Methods: In April and June 2025, US-based oncologists convened at two live meetings to discuss healthcare trends in hematology/oncology. To determine if frailty plays a role in treatment decision, the subgroup analysis of IMROZ focused on frail versus non-frail patients was presented to our participants. Additionally, the overall CEPHEUS data for all-comers was reviewed as well, given that the CEPHEUS only accrued those with frailty score 0–1 (did not accrue frail patients). An online premeeting survey was used to collect participants' demographics. Participants' experiences and management strategies surrounding TIE/deferred ND MM were captured via an audience response system during the live meeting; not all participants answered every question. Responses were aggregated and analyzed using descriptive statistics.

Results: Among the 115 myeloma-treating participants, 79.1% were community providers, who saw an average of 20 patients on clinic days, and had a median (range) of 20 (3−46) years in practice. Sixty-five percent of participants reported that ≥50% of their TIE/deferred patients with ND MM were initiated on a quadruplet regimen within the past 6 months. Participants reported age (72.8%), patient preference (50.5%), and patient frailty (45.6%) as the most common reasons a patient with ND MM is deemed ineligible for transplantation in their practices. Participants were presented with 2 standard-risk, TIE patients with ND MM who differed only in frailty status (i.e., non-frail and frail). For the hypothetical, non-frail patient, the majority of participants (73.1%) selected Dara-VRd as their preferred treatment, and for the hypothetical, frail patient, the majority of participants (58.0%) selected DRd as their preferred treatment. After reviewing both the IMROZ and CEPHEUS trials, the treatment preferences for the non-frail patient remained the same (Dara-VRd; 76.0%). While daratumumab was still the preferred anti-CD38 agent for the frail patient (DRd: 40.6%; Dara-VRd: 25.7%), preference for Isa-VRd increased following the review of the quadruplet trials (1.0% à 20.8%). Additionally, when participants were queried about which patient populations they would prefer Dara-VRd over Isa-VRd after reviewing the trials, participants reported the following preference patterns: age ≥70 years (Dara-VRd 39.8% vs Isa-VRd 12.2%), standard-risk (26.2% vs 14.3%, respectively) and high-risk disease (36.9% vs 10.2%, respectively), and non-frail patients (42.7% vs 16.3%, respectively). The only identified patient population where Isa-VRd was numerically preferred over Dara-VRd was in frail patients (33.7% vs 26.2%). Overall, 40.8% of participants indicated that they would not use Isa-VRd over Dara-VRd in any patient population.

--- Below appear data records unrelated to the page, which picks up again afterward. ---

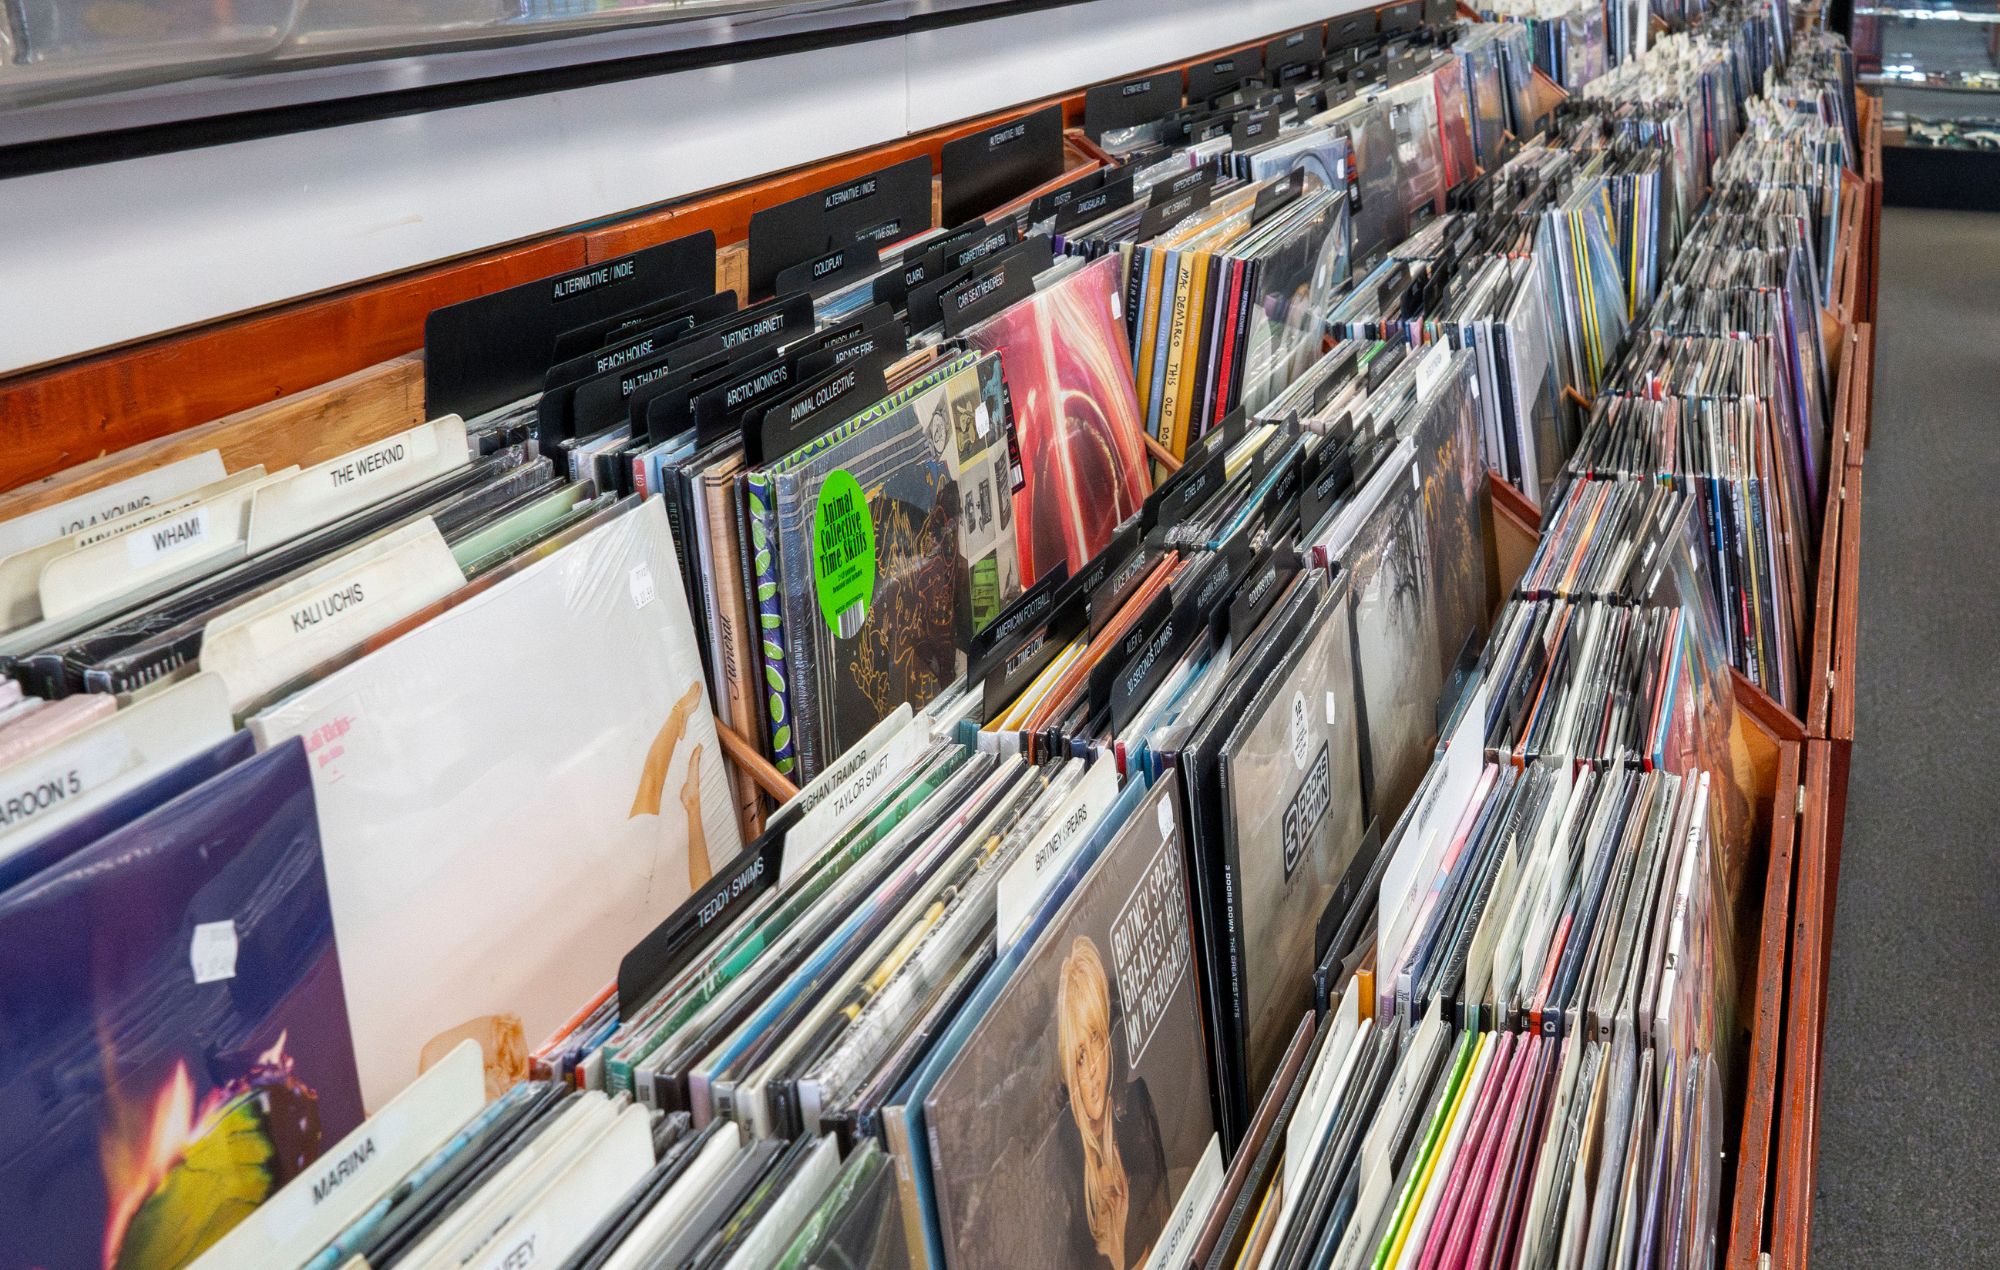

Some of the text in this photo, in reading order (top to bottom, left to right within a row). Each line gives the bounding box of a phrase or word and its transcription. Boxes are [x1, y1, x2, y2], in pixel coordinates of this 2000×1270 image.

[825, 186, 859, 208] ALTERNATIVE
[862, 179, 876, 196] INDIE
[554, 268, 608, 298] ALTERNATIVE
[613, 260, 634, 279] INDIE
[813, 253, 843, 277] COLDPLAY
[905, 267, 924, 285] CLAIRO
[1179, 268, 1189, 289] MAC
[957, 293, 969, 310] CAR
[967, 283, 982, 303] SEAT
[979, 272, 1006, 298] HEADREST
[753, 313, 784, 338] BARNETT
[1173, 296, 1187, 348] DEMARCO
[597, 340, 654, 373] BEACH HOUSE
[1167, 363, 1178, 386] THIS
[727, 384, 753, 408] ARCTIC
[753, 366, 788, 392] MONKEYS
[791, 372, 855, 423] ANIMAL COLLECTIVE
[1164, 397, 1173, 417] OLD
[330, 443, 405, 489] THE WEEKND
[822, 488, 855, 528] Animal
[153, 516, 201, 551] WHAM!
[820, 510, 863, 554] Collective
[819, 547, 843, 579] Time
[842, 530, 869, 566] Skiffs
[290, 582, 365, 634] KALI UCHIS
[995, 590, 1051, 642] AMERICAN FOOTBALL
[1006, 633, 1045, 677] ALL TIME LOW
[1126, 628, 1143, 656] ALEX G
[1126, 621, 1173, 696] 30 SECONDS TO MARS
[68, 769, 82, 795] 5
[802, 749, 868, 815] EGHAN TRAINOR
[833, 752, 890, 818] TAYLOR SWIFT
[1300, 755, 1327, 817] DOORS
[1301, 776, 1328, 842] DOWN
[1035, 803, 1088, 872] BRITNEY SPEARS
[1284, 803, 1300, 873] 3
[697, 856, 765, 929] TEDDY SWIMS
[1114, 835, 1179, 971] BRITNEY SPEARS
[1227, 905, 1235, 933] DOWN
[1121, 910, 1168, 1012] GREATEST
[1230, 955, 1239, 998] GREATEST
[1128, 1010, 1143, 1054] MY
[311, 1135, 377, 1206] MARINA
[1170, 1201, 1194, 1256] STYLES
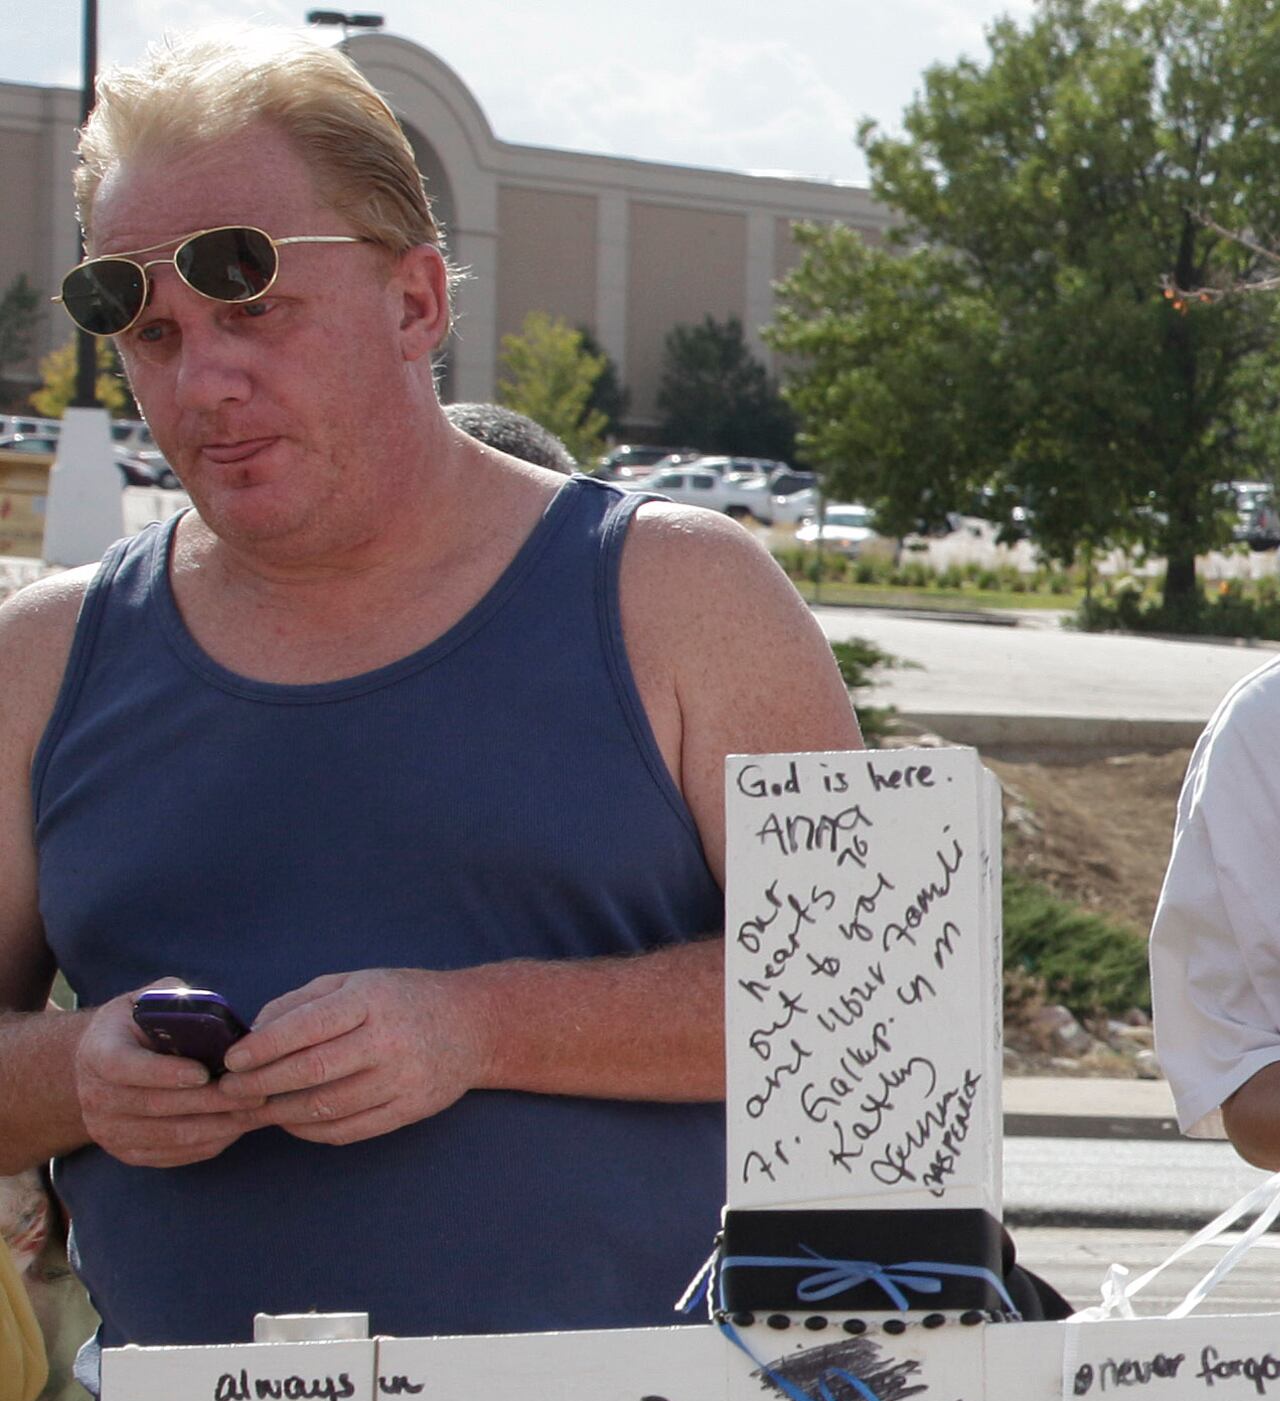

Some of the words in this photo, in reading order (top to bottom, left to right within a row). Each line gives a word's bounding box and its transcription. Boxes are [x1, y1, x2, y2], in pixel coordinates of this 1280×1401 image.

[737, 761, 800, 797] God
[820, 763, 849, 792] is
[738, 884, 836, 1002] hearts
[749, 989, 808, 1061] out
[746, 1038, 813, 1119] and

Conclusions: The real-world data shows that Dara-VRd has emerged as the preferred regimen for non-frail, TIE/deferred patients with ND MM and that DRd is the preferred regimen for frail, TIE patients with ND MM. While interest for Isa-VRd saw a drastic increase for frail TIE patients with ND MM following review of the data, Dara-VRd was still the preferred anti-CD38 regimen if quadruplet regimens were considered. Despite the lack of a subgroup analysis of frail versus non-frail patients from CEPHEUS, Dara-VRd remains the preferred quadruplet therapy over Isa-VRd for TIE/deferred ND MM. Isatuximab is soon expected to be available via subcutaneous formulation via an on-body injector system, and it remains to be seen if this may further impact the preferences for anti-CD38 mAbs use in this space.